ASSIGNED TASK:
Everything from the line with "this 1920×1440 image." to the end of the material is to be retyped exactly, both ends included, and nothing else.

EXERCISE DATA:

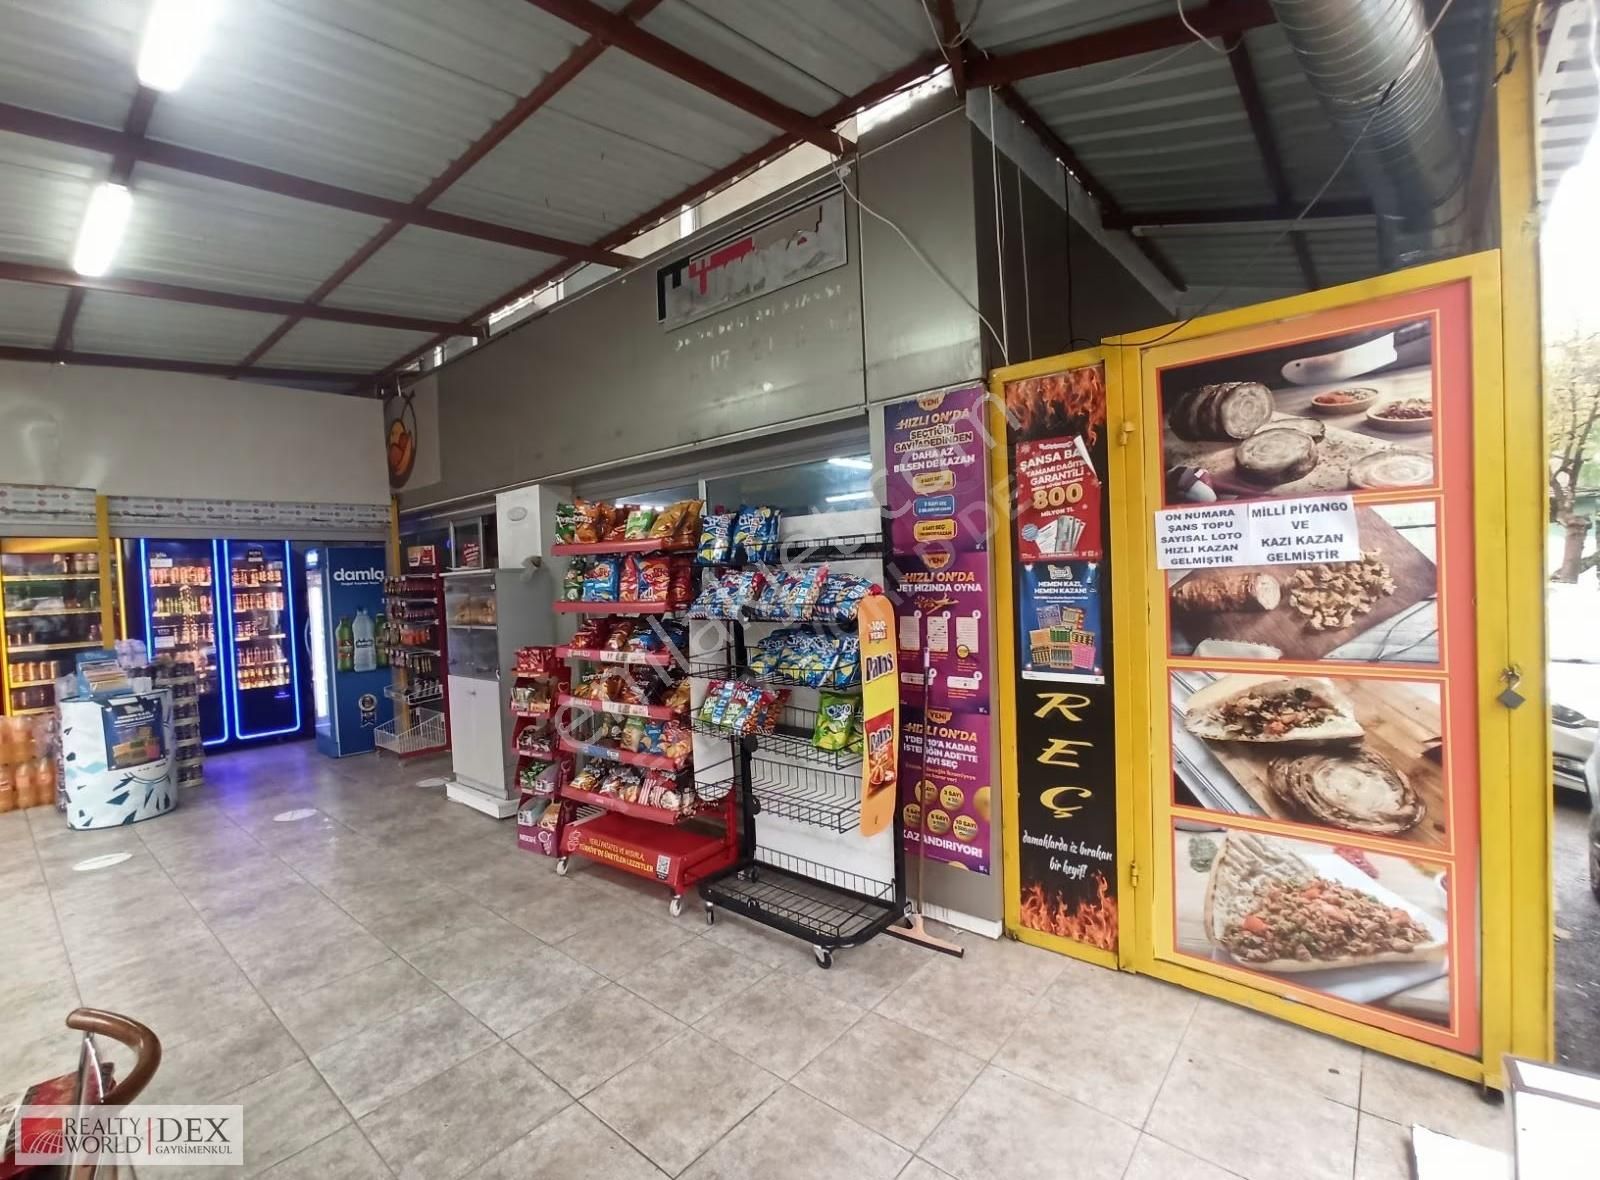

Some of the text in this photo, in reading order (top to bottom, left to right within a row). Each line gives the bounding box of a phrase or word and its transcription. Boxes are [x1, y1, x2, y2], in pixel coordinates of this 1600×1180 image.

[898, 408, 970, 430] HIZLI ON'DA
[911, 425, 954, 439] SEÇTİĞİN
[895, 432, 972, 452] SAYI ADEDİNDEN
[912, 448, 954, 460] DAHA AZ
[1020, 448, 1081, 473] ŞANSA BA
[894, 454, 975, 472] BİLSEN DE KAZAN
[1026, 466, 1056, 477] TAMAMI
[1030, 467, 1084, 486] GARANTİLİ
[1033, 482, 1084, 509] 800
[1041, 508, 1065, 517] MİLYON
[1184, 509, 1235, 520] NUMARA
[1251, 502, 1348, 518] MİLLİ PİYANGO
[1168, 521, 1233, 533] ŞANS TOPU
[1291, 520, 1309, 530] VE
[1161, 532, 1242, 544] SAYISAL LOTO
[1261, 534, 1343, 547] KAZI KAZAN
[1165, 544, 1239, 555] HIZLI KAZAN
[1266, 549, 1339, 562] GELMİŞTİR
[1170, 555, 1233, 566] GELMİŞTİR
[333, 567, 384, 582] damla
[904, 571, 975, 582] HIZLI ON'DA
[896, 584, 982, 592] JET HIZINDA OYNA
[938, 728, 978, 743] ON'DA
[928, 739, 945, 749] 10'A
[945, 741, 977, 754] KADAR
[943, 751, 978, 763] ADETTE
[1034, 692, 1094, 819] REÇ
[941, 758, 959, 769] SEÇ
[1022, 829, 1113, 861] damaklarda iz bırakan
[1049, 856, 1062, 870] bir
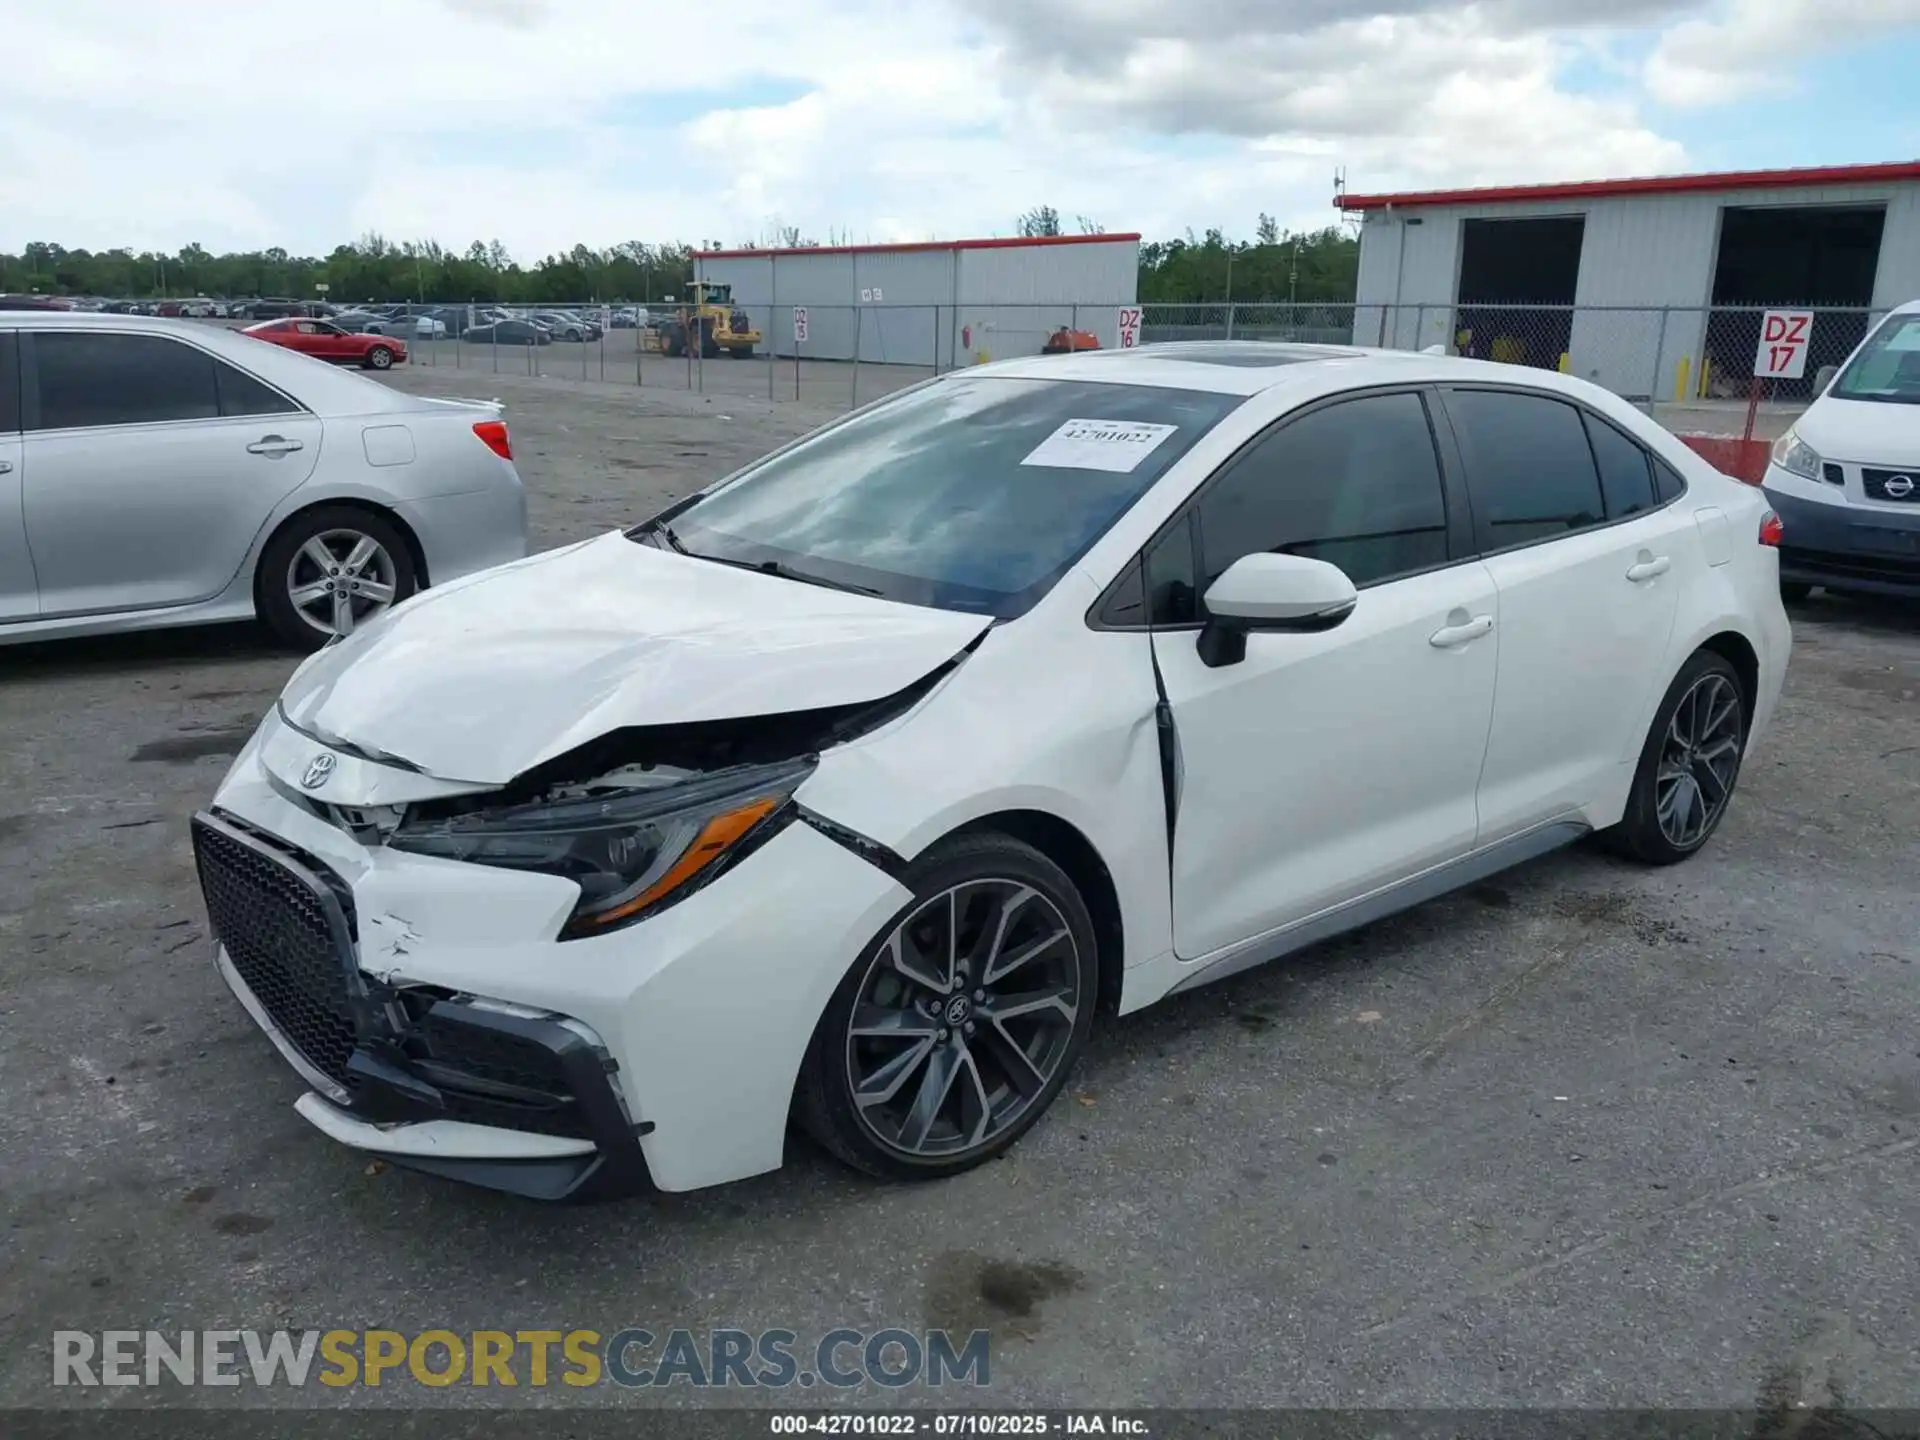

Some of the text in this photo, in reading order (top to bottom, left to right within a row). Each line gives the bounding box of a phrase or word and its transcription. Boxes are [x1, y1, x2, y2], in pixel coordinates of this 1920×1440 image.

[1120, 310, 1139, 328] DZ
[1765, 316, 1809, 343] DZ
[1121, 331, 1133, 348] 16
[1769, 346, 1795, 372] 17
[1064, 430, 1152, 442] 42701022

ANSWER SPACE:
Some of the text in this photo, in reading order (top to bottom, left to right within a row). Each line gives the bounding box of a phrase or word and its transcription. Boxes are [x1, y1, x2, y2], in pixel coordinates of this 1920×1440 image.

[1120, 310, 1139, 328] DZ
[1765, 316, 1809, 343] DZ
[1121, 331, 1133, 348] 16
[1769, 346, 1795, 372] 17
[1064, 430, 1152, 442] 42701022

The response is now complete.